An AI Is Finally Trouncing The World's Best Poker Players (cmu.edu)
Halfway through the "Brains vs. AI" poker competition, an AI named Libratus is trouncing its human opponents, who are four of the world's top professional players.
One of the pros, Jimmy Chou, said he and his colleagues initially underestimated Libratus, but have come to regard it as one tough player. "The bot gets better and better every day," Chou said. "It's like a tougher version of us"... Chou said he and the other pros have shared notes and tips each day, looking for weaknesses they can each exploit. "The first couple of days, we had high hopes," Chou said. "But every time we find a weakness, it learns from us and the weakness disappears the next day."
By Saturday, the AI had amassed a lead of $693,531 after 56,732 hands in the 120,000-hand match (which is being livestreamed by the Rivers Casino on Twitch). "I'm feeling good," said Tuomas Sandholm, the computer science professor at Carnegie Mellon who co-created the AI. "The algorithms are performing great. They're better at solving strategy ahead of time, better at driving strategy during play and better at improving strategy on the fly."
By Saturday, the AI had amassed a lead of $693,531 after 56,732 hands in the 120,000-hand match (which is being livestreamed by the Rivers Casino on Twitch). "I'm feeling good," said Tuomas Sandholm, the computer science professor at Carnegie Mellon who co-created the AI. "The algorithms are performing great.

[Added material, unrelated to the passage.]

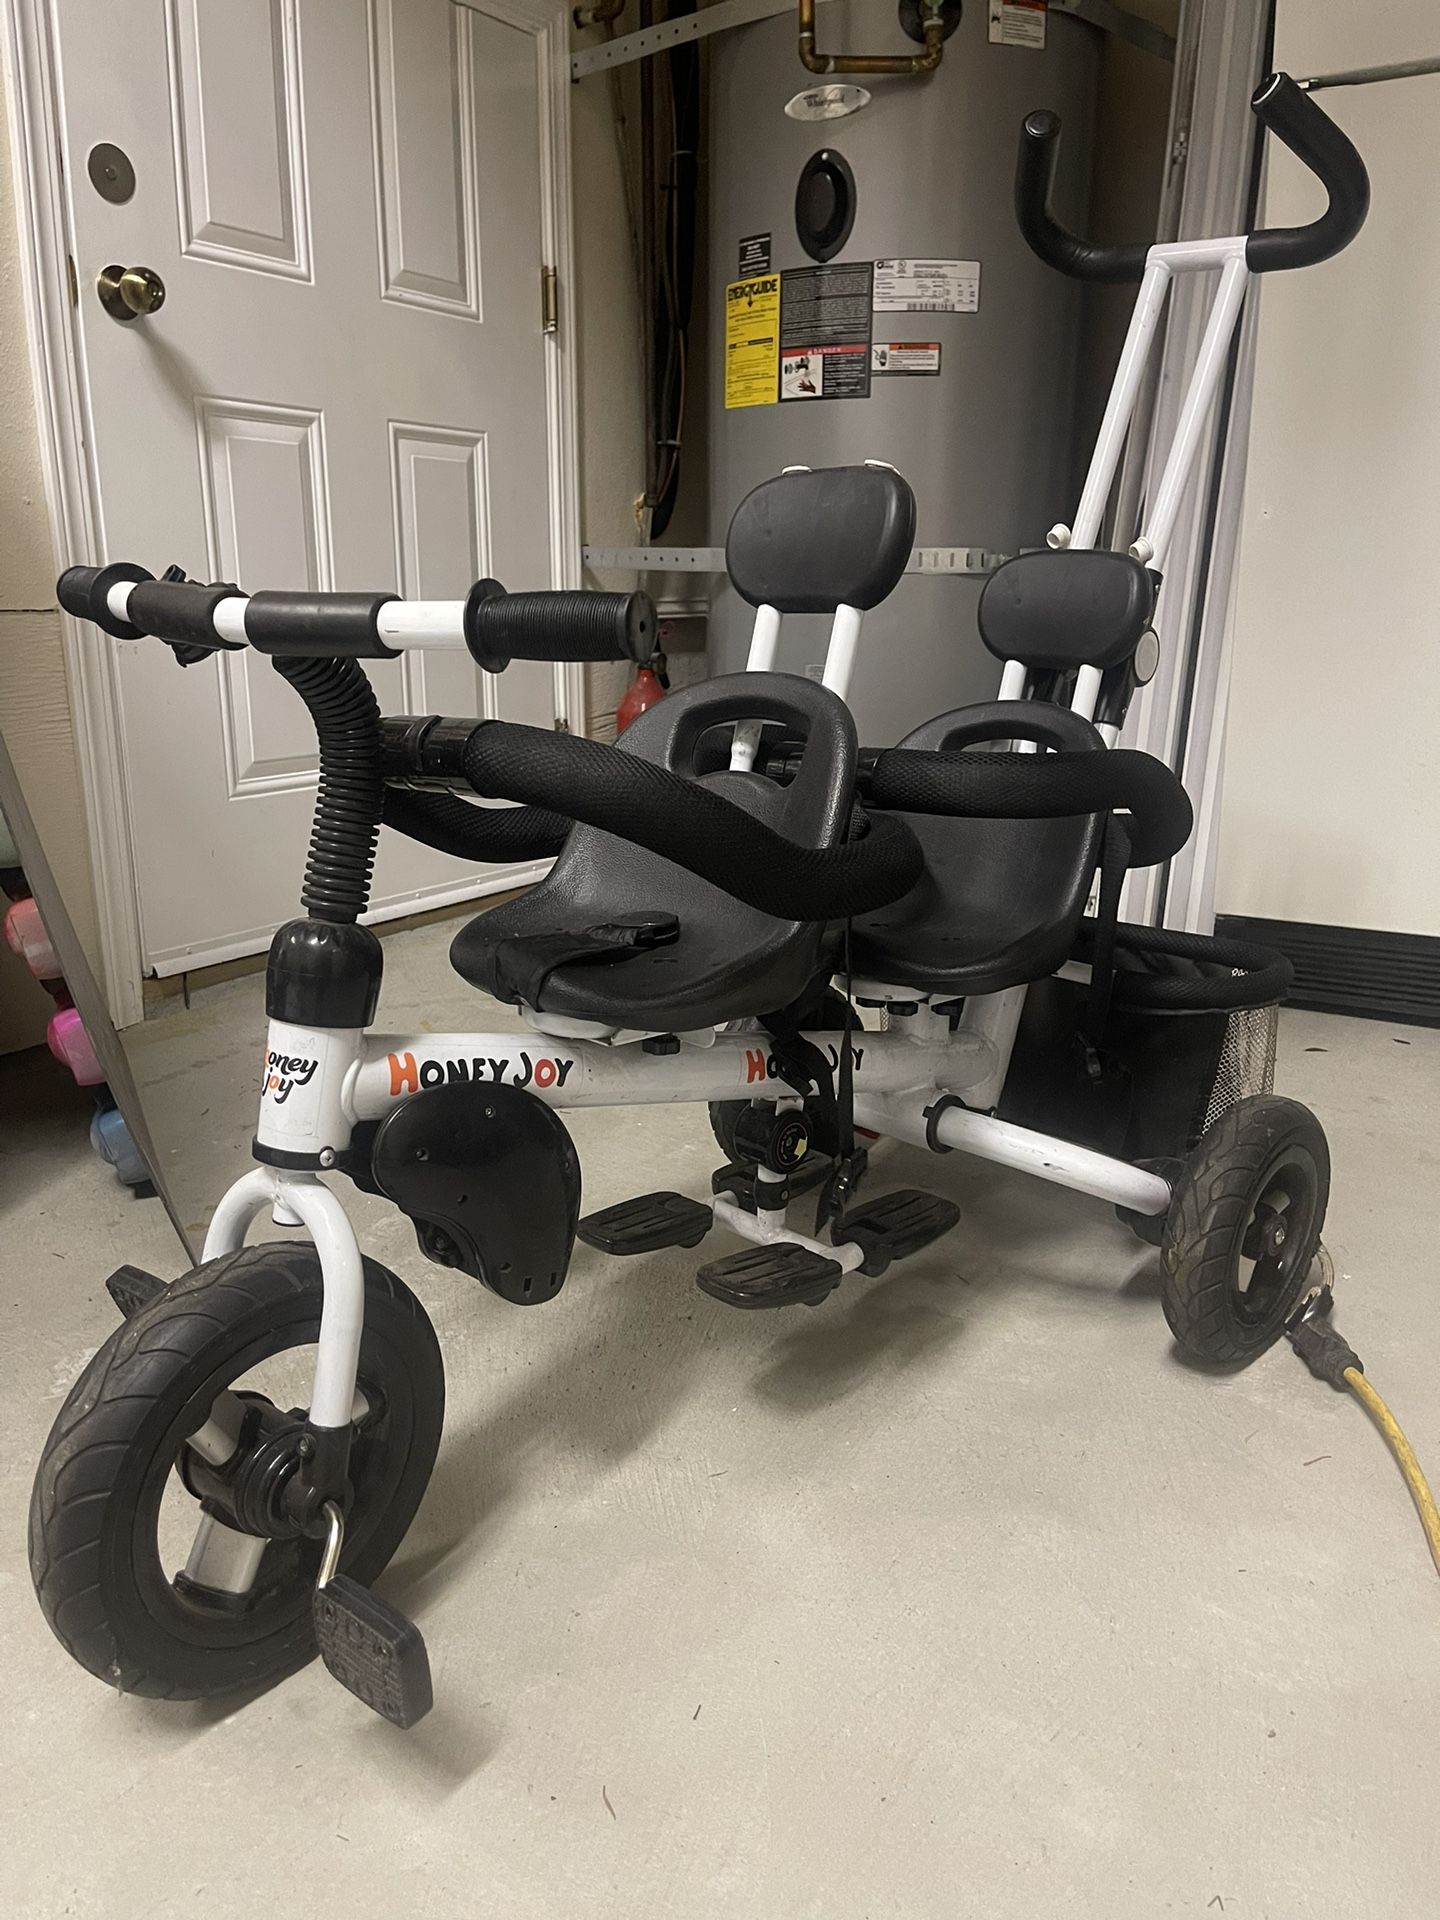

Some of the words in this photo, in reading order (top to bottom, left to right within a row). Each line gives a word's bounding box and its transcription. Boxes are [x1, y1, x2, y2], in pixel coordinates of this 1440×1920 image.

They're better at solving strategy ahead of time, better at driving strategy during play and better at improving strategy on the fly."
Unlike with games like Chess (best moves can be precisely calculated) and Backgammon (simple probabilities), Poker requires adapting to human behavior, indeed varying your play depending on what you learn about your opponent. The techniques are going to be applicable to a wide range of situations. For instance, I will go so far as to claim that we will shortly be wise to use an AI to advise us on investment decisions. (In the past, the computer has been used for speed, and reacting to subtle market signals, but not so much for long term investment planning.)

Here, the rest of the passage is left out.